* ABOUT THIS TASK *
The full set of records must be set down verbatim.

* DATASET *

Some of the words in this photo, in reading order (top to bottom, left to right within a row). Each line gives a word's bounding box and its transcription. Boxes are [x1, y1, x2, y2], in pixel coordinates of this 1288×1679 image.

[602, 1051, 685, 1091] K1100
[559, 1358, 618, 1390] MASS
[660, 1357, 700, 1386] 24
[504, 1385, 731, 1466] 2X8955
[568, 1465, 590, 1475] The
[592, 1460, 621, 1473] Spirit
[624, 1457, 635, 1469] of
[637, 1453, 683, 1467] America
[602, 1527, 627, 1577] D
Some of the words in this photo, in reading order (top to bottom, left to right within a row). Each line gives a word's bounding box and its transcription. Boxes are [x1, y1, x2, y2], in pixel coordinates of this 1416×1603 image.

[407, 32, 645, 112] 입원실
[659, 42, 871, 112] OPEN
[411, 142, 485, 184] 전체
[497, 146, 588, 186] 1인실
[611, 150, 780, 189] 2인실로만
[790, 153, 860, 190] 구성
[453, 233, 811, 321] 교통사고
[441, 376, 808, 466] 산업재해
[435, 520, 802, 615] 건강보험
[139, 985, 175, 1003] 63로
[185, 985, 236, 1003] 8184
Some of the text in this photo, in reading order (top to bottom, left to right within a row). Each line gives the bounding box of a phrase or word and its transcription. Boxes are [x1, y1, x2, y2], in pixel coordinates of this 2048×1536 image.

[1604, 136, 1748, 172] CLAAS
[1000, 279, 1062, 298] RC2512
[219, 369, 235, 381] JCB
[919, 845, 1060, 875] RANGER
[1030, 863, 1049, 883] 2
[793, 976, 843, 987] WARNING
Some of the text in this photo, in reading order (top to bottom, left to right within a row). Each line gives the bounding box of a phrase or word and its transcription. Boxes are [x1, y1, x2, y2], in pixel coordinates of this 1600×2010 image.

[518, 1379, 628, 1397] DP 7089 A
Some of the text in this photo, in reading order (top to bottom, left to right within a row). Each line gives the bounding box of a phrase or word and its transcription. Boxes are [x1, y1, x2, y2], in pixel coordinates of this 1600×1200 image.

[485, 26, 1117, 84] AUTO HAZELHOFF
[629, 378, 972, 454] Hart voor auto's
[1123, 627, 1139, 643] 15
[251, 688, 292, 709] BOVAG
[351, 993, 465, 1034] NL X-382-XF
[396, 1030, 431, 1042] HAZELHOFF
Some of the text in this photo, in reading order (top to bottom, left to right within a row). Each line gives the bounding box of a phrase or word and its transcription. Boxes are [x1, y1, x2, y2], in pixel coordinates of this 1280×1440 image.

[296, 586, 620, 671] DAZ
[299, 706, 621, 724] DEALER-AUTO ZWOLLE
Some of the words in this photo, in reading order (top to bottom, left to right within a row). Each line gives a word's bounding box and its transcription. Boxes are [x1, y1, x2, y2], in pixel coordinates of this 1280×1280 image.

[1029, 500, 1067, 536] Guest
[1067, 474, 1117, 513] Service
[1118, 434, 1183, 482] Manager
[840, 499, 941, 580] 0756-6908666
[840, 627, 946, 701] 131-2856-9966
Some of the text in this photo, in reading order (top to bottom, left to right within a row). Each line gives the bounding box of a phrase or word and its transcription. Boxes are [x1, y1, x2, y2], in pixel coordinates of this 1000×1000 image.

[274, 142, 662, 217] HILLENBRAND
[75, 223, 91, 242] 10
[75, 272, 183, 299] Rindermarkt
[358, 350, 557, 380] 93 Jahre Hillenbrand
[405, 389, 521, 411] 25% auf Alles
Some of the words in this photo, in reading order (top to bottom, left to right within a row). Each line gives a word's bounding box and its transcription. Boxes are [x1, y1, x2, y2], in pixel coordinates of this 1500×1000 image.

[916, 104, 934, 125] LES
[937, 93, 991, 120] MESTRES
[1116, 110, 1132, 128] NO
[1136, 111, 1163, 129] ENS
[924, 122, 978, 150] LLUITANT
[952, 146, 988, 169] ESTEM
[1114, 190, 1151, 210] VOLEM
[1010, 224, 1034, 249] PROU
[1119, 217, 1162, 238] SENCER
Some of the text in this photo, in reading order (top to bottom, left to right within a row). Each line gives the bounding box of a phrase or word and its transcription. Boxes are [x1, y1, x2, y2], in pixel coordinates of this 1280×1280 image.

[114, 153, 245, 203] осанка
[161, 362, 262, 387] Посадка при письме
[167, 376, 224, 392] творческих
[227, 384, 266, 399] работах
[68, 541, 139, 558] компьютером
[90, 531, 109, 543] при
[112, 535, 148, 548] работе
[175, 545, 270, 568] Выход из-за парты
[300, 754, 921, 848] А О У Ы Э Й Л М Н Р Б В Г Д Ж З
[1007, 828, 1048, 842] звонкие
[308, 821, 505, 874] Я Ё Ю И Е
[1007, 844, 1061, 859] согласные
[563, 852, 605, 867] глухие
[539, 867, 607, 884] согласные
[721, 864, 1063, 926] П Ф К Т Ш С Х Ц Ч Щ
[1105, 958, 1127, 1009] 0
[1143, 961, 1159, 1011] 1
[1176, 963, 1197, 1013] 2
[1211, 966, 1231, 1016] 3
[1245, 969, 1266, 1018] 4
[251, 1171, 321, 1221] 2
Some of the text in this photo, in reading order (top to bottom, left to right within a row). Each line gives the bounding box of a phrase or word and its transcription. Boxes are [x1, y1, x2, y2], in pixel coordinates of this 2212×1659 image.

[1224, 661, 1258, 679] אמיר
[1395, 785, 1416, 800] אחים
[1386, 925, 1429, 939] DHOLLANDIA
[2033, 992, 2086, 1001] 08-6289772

* EXERCISE ANSWER *
Some of the words in this photo, in reading order (top to bottom, left to right within a row). Each line gives a word's bounding box and its transcription. Boxes are [x1, y1, x2, y2], in pixel coordinates of this 1288×1679 image.

[602, 1051, 685, 1091] K1100
[559, 1358, 618, 1390] MASS
[660, 1357, 700, 1386] 24
[504, 1385, 731, 1466] 2X8955
[568, 1465, 590, 1475] The
[592, 1460, 621, 1473] Spirit
[624, 1457, 635, 1469] of
[637, 1453, 683, 1467] America
[602, 1527, 627, 1577] D
Some of the words in this photo, in reading order (top to bottom, left to right within a row). Each line gives a word's bounding box and its transcription. Boxes are [x1, y1, x2, y2], in pixel coordinates of this 1416×1603 image.

[407, 32, 645, 112] 입원실
[659, 42, 871, 112] OPEN
[411, 142, 485, 184] 전체
[497, 146, 588, 186] 1인실
[611, 150, 780, 189] 2인실로만
[790, 153, 860, 190] 구성
[453, 233, 811, 321] 교통사고
[441, 376, 808, 466] 산업재해
[435, 520, 802, 615] 건강보험
[139, 985, 175, 1003] 63로
[185, 985, 236, 1003] 8184
Some of the text in this photo, in reading order (top to bottom, left to right within a row). Each line gives the bounding box of a phrase or word and its transcription. Boxes are [x1, y1, x2, y2], in pixel coordinates of this 2048×1536 image.

[1604, 136, 1748, 172] CLAAS
[1000, 279, 1062, 298] RC2512
[219, 369, 235, 381] JCB
[919, 845, 1060, 875] RANGER
[1030, 863, 1049, 883] 2
[793, 976, 843, 987] WARNING
Some of the text in this photo, in reading order (top to bottom, left to right within a row). Each line gives the bounding box of a phrase or word and its transcription. Boxes are [x1, y1, x2, y2], in pixel coordinates of this 1600×2010 image.

[518, 1379, 628, 1397] DP 7089 A
Some of the text in this photo, in reading order (top to bottom, left to right within a row). Each line gives the bounding box of a phrase or word and its transcription. Boxes are [x1, y1, x2, y2], in pixel coordinates of this 1600×1200 image.

[485, 26, 1117, 84] AUTO HAZELHOFF
[629, 378, 972, 454] Hart voor auto's
[1123, 627, 1139, 643] 15
[251, 688, 292, 709] BOVAG
[351, 993, 465, 1034] NL X-382-XF
[396, 1030, 431, 1042] HAZELHOFF
Some of the text in this photo, in reading order (top to bottom, left to right within a row). Each line gives the bounding box of a phrase or word and its transcription. Boxes are [x1, y1, x2, y2], in pixel coordinates of this 1280×1440 image.

[296, 586, 620, 671] DAZ
[299, 706, 621, 724] DEALER-AUTO ZWOLLE
Some of the words in this photo, in reading order (top to bottom, left to right within a row). Each line gives a word's bounding box and its transcription. Boxes are [x1, y1, x2, y2], in pixel coordinates of this 1280×1280 image.

[1029, 500, 1067, 536] Guest
[1067, 474, 1117, 513] Service
[1118, 434, 1183, 482] Manager
[840, 499, 941, 580] 0756-6908666
[840, 627, 946, 701] 131-2856-9966
Some of the text in this photo, in reading order (top to bottom, left to right within a row). Each line gives the bounding box of a phrase or word and its transcription. Boxes are [x1, y1, x2, y2], in pixel coordinates of this 1000×1000 image.

[274, 142, 662, 217] HILLENBRAND
[75, 223, 91, 242] 10
[75, 272, 183, 299] Rindermarkt
[358, 350, 557, 380] 93 Jahre Hillenbrand
[405, 389, 521, 411] 25% auf Alles
Some of the words in this photo, in reading order (top to bottom, left to right within a row). Each line gives a word's bounding box and its transcription. Boxes are [x1, y1, x2, y2], in pixel coordinates of this 1500×1000 image.

[916, 104, 934, 125] LES
[937, 93, 991, 120] MESTRES
[1116, 110, 1132, 128] NO
[1136, 111, 1163, 129] ENS
[924, 122, 978, 150] LLUITANT
[952, 146, 988, 169] ESTEM
[1114, 190, 1151, 210] VOLEM
[1010, 224, 1034, 249] PROU
[1119, 217, 1162, 238] SENCER
Some of the text in this photo, in reading order (top to bottom, left to right within a row). Each line gives the bounding box of a phrase or word and its transcription. Boxes are [x1, y1, x2, y2], in pixel coordinates of this 1280×1280 image.

[114, 153, 245, 203] осанка
[161, 362, 262, 387] Посадка при письме
[167, 376, 224, 392] творческих
[227, 384, 266, 399] работах
[68, 541, 139, 558] компьютером
[90, 531, 109, 543] при
[112, 535, 148, 548] работе
[175, 545, 270, 568] Выход из-за парты
[300, 754, 921, 848] А О У Ы Э Й Л М Н Р Б В Г Д Ж З
[1007, 828, 1048, 842] звонкие
[308, 821, 505, 874] Я Ё Ю И Е
[1007, 844, 1061, 859] согласные
[563, 852, 605, 867] глухие
[539, 867, 607, 884] согласные
[721, 864, 1063, 926] П Ф К Т Ш С Х Ц Ч Щ
[1105, 958, 1127, 1009] 0
[1143, 961, 1159, 1011] 1
[1176, 963, 1197, 1013] 2
[1211, 966, 1231, 1016] 3
[1245, 969, 1266, 1018] 4
[251, 1171, 321, 1221] 2
Some of the text in this photo, in reading order (top to bottom, left to right within a row). Each line gives the bounding box of a phrase or word and its transcription. Boxes are [x1, y1, x2, y2], in pixel coordinates of this 2212×1659 image.

[1224, 661, 1258, 679] אמיר
[1395, 785, 1416, 800] אחים
[1386, 925, 1429, 939] DHOLLANDIA
[2033, 992, 2086, 1001] 08-6289772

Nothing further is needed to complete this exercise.